■ **TASK DESCRIPTION**: Copy out again, unchanged, the line that contains "this 1500×995 image." and every line after it down to the last line of the data.

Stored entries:
○ ○ ○ ○
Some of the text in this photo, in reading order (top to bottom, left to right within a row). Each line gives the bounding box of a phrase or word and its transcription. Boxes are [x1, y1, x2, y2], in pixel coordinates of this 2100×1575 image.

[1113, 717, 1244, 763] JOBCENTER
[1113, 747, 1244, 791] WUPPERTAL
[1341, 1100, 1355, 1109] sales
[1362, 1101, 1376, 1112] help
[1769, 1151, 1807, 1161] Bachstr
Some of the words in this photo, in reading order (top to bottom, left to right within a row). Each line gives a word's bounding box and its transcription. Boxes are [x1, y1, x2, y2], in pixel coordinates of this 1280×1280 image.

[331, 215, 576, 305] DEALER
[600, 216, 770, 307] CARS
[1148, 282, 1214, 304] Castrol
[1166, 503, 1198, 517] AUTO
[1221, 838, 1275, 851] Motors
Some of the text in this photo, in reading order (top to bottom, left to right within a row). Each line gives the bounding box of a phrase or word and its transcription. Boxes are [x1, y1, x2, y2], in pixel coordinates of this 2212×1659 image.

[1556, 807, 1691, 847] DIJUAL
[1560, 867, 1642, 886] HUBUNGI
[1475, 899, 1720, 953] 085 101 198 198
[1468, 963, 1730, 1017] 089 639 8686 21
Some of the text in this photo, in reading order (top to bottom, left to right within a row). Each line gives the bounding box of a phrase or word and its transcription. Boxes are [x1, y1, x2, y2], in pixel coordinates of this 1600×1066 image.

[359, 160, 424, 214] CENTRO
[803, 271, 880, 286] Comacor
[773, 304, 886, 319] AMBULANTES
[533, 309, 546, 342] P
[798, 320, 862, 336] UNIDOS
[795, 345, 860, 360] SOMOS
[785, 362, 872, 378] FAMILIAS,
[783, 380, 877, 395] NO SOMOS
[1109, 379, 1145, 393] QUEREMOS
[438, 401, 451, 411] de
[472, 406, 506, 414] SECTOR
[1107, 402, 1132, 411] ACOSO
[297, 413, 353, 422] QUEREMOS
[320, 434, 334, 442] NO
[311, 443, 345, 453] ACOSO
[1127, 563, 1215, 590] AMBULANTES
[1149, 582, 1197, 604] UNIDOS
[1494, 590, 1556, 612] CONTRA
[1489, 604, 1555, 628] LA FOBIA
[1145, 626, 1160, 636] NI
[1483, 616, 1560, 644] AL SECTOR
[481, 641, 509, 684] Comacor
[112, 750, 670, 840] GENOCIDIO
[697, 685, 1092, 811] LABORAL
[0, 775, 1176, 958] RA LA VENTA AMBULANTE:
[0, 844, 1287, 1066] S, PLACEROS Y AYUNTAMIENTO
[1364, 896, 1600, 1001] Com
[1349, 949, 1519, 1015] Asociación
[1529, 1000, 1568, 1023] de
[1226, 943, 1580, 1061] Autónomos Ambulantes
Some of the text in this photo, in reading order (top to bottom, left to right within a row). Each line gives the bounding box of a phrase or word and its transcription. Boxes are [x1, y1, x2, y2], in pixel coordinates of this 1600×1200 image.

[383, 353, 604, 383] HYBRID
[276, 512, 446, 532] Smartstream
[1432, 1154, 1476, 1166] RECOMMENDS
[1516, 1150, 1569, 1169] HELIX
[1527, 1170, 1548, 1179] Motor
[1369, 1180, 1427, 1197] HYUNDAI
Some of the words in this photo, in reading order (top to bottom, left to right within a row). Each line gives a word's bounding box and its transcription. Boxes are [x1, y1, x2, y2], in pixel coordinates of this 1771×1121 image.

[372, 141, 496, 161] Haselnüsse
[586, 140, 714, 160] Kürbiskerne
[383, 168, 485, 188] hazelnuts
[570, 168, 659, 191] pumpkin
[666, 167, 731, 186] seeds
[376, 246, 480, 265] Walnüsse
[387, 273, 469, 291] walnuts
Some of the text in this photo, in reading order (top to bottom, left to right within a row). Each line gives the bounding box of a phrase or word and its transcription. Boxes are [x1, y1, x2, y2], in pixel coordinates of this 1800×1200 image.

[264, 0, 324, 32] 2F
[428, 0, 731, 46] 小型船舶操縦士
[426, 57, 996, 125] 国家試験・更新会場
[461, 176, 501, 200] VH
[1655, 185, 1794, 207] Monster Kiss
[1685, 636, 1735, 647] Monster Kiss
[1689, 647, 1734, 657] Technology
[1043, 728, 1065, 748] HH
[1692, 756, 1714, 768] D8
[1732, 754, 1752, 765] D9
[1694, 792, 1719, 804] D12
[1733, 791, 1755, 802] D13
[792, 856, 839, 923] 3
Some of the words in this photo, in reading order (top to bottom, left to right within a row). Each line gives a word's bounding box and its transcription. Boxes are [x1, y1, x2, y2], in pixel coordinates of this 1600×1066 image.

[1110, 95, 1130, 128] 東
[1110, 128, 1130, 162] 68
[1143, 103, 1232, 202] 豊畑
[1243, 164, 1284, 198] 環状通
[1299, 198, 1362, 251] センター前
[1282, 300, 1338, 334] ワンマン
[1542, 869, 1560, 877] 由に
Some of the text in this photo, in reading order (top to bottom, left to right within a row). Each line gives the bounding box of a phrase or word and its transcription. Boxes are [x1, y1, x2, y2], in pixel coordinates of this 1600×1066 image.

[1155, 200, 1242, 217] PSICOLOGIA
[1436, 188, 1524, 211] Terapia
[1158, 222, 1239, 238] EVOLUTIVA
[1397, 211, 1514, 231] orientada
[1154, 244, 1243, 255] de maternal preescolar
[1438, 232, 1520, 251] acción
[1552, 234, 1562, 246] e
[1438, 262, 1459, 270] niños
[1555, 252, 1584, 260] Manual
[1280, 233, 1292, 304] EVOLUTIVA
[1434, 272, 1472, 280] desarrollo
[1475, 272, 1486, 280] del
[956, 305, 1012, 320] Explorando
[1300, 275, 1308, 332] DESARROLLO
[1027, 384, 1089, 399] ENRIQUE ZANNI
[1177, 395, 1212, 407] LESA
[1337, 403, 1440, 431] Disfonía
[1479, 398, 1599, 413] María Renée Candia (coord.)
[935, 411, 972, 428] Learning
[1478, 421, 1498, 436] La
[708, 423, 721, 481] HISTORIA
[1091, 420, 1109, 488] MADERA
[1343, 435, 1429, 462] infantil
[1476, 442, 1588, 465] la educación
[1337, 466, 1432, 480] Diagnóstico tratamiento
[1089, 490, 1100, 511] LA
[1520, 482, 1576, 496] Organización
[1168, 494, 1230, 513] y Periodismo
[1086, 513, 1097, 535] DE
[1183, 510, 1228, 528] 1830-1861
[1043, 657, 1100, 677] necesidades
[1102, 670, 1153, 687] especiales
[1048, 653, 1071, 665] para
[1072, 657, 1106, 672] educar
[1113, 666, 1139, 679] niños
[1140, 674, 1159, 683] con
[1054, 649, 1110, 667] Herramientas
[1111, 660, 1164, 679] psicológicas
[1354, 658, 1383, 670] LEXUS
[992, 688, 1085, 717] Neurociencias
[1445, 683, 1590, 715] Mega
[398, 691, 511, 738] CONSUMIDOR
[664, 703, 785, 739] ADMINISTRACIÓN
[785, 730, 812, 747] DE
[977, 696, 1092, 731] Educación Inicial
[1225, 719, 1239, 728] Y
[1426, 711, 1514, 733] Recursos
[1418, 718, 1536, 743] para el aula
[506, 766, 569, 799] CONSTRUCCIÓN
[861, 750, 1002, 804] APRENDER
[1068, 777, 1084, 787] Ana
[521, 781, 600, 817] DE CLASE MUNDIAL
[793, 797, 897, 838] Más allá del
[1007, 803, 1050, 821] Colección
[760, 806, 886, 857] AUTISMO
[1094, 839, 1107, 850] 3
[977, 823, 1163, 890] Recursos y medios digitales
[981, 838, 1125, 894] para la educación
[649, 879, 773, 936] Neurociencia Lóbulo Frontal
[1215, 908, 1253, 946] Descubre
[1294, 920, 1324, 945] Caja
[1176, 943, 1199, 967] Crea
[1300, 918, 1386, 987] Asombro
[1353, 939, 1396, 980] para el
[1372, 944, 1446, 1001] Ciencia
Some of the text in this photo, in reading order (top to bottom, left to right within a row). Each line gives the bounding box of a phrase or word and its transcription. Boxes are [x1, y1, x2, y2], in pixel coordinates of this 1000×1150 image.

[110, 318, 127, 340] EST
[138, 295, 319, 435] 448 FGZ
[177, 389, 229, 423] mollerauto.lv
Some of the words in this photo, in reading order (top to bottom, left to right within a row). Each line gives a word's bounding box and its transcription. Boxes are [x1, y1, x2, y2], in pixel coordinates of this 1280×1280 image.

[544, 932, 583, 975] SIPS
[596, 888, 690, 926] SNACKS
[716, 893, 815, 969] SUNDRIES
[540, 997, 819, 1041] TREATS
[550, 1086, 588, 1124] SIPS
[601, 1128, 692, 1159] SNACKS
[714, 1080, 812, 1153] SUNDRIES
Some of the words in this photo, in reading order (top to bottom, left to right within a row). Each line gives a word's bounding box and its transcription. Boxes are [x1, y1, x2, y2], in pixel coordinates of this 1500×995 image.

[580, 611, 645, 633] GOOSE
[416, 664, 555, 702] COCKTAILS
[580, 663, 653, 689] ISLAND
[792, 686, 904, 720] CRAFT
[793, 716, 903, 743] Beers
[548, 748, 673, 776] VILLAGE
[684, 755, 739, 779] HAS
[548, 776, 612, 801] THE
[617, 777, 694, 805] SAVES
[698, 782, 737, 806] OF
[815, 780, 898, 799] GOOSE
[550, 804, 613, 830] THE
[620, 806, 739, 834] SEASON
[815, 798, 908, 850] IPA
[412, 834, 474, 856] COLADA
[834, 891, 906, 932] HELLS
○ ○ ○ ○
■ **WRITTEN ANSWER**:
Some of the words in this photo, in reading order (top to bottom, left to right within a row). Each line gives a word's bounding box and its transcription. Boxes are [x1, y1, x2, y2], in pixel coordinates of this 1500×995 image.

[580, 611, 645, 633] GOOSE
[416, 664, 555, 702] COCKTAILS
[580, 663, 653, 689] ISLAND
[792, 686, 904, 720] CRAFT
[793, 716, 903, 743] Beers
[548, 748, 673, 776] VILLAGE
[684, 755, 739, 779] HAS
[548, 776, 612, 801] THE
[617, 777, 694, 805] SAVES
[698, 782, 737, 806] OF
[815, 780, 898, 799] GOOSE
[550, 804, 613, 830] THE
[620, 806, 739, 834] SEASON
[815, 798, 908, 850] IPA
[412, 834, 474, 856] COLADA
[834, 891, 906, 932] HELLS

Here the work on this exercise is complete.